Note Maker Declaring BK, what to do? - Posted by JeffB (MI)

Posted by Fred-MI on March 31, 2006 at 22:38:44:

A lot depends upon wheather the filing is for federal or state bankruptcy protection. No state has been mentioned, but they are all different. Under federal bk, your home is protected up to a certain dollar amount, i think around $16k.
you will want to find out if the filing is state or federal, and if federal, which chapter.
There are several books on the market that purport to help a person thru BK. It may benefit you to buy one, which has the latest federal changes in it. It may not tell all, but will definately be cheaper than having an atty explain it all from square one.
Good luck

Note Maker Declaring BK, what to do? - Posted by JeffB (MI)

Posted by JeffB (MI) on March 31, 2006 at 15:59:15:

I have a customer who bought a home from me last year who is preparing to file BK due to unexplainable (her words) credit card debt. She has paid on time so far and wants to keep the trailer. Both her and her husband signed for the loan, and only she will be filing for BK.

She asked me to send her an authorization letter to allow the DMV to remove her name from the title (leaving only her husband’s name). I have no problem with this since she will remain liable for the loan. But my question is, is this really necessary since a personal residence is protected under BK anyway? In case it matters, she owes me more than the home is worth so there would be no equity to go after, anyhow.

Re: Note Maker Declaring BK, what to do? - Posted by Evan

Posted by Evan on April 02, 2006 at 20:40:14:

Got the following info from:


Bankruptcy in the United States is a matter placed under Federal jurisdiction by the United States Constitution (in Article 1, Section 8), which allows Congress to enact “uniform laws on the subject of Bankruptcy throughout the United States.” Its implementation, however, is found in statute law. The relevant statutes are incorporated within the Bankruptcy Code, located at Title 11 of the United States Code, and amplified by state law in the many places where Federal law either fails to speak or defers expressly to state law.
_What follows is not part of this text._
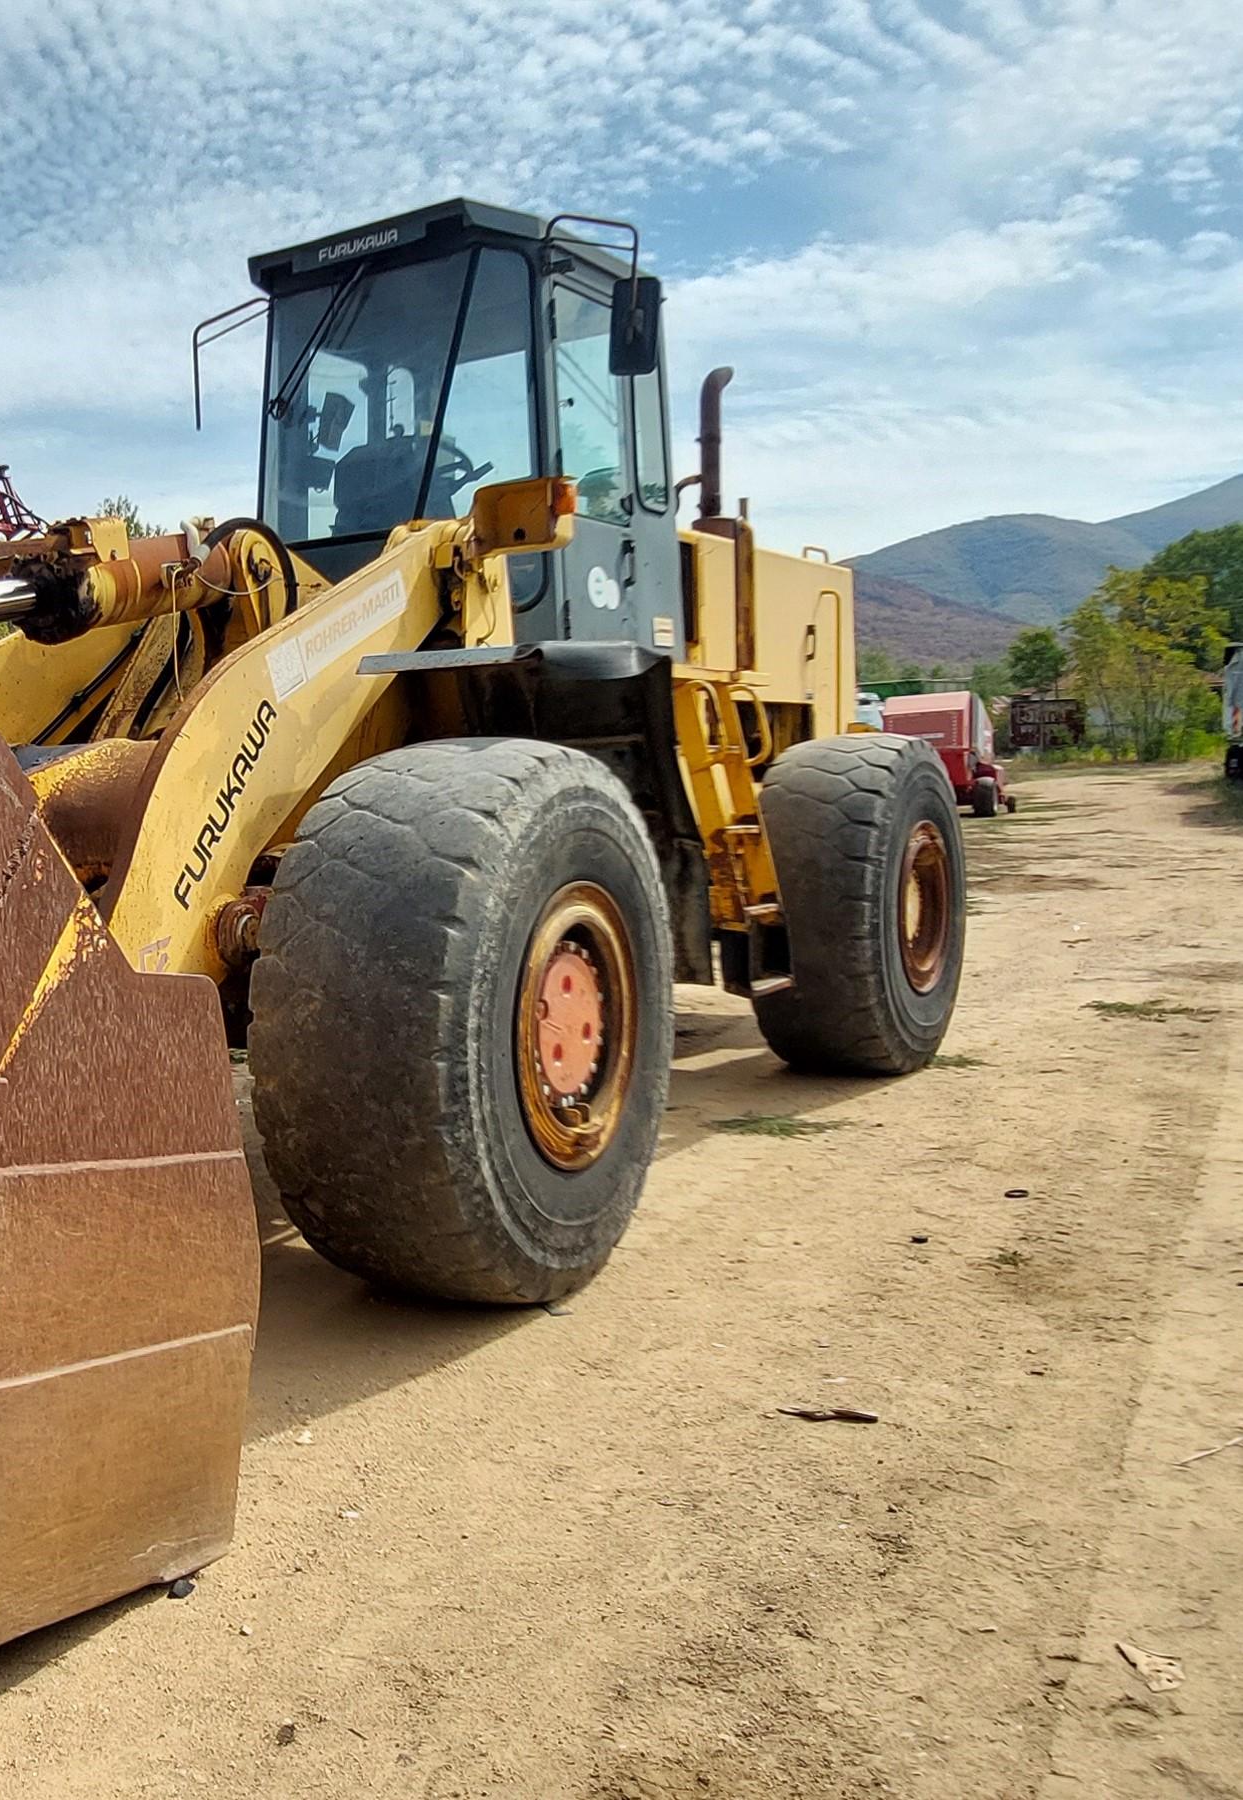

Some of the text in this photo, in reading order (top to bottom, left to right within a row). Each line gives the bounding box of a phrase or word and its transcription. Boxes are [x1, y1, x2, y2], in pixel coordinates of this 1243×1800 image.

While bankruptcy cases are always filed in United States bankruptcy court (an adjunct to the U.S. District Courts), bankruptcy cases, particularly with respect to the validity of claims and exemptions, are often highly dependent upon State law. State law therefore plays a major role in many bankruptcy cases, and it is often quite unwise to generalize bankruptcy issues across state lines."

As the others have said, “…it depends” on the state of the residence. Bottom line…highly recommend checking with your attorney. Also, might get some advise from the legal minds on the RE law board.

Good luck,



Re: Note Maker Declaring BK, what to do? - Posted by Tony Colella

Posted by Tony Colella on March 31, 2006 at 16:36:46:

I am by no means an authority on BK’s especially with more recent law changes but I will post a few things that I have read in passing that may point you in the right direction.

Although this does not seem to be the case for you, we often here buyers mention they are considering filing BK but few follow through with it (in my experience).

It is my understanding that those that do, must include the mobile home in the BK for it to become an issue for you.

I also believe that there are rules precluding them from including the home in the filing and remaining living in it (but I cannot confirm this).

Last. If they do include the home, then you would have to deal directly with the trustee and not the tenant. You would eneavor to document and convince them that the home has no equity and that you will discharge the debt if they will return the home to your possession. It is up to them to ensure that you are not escaping with equity that could be used to pay off other creditors.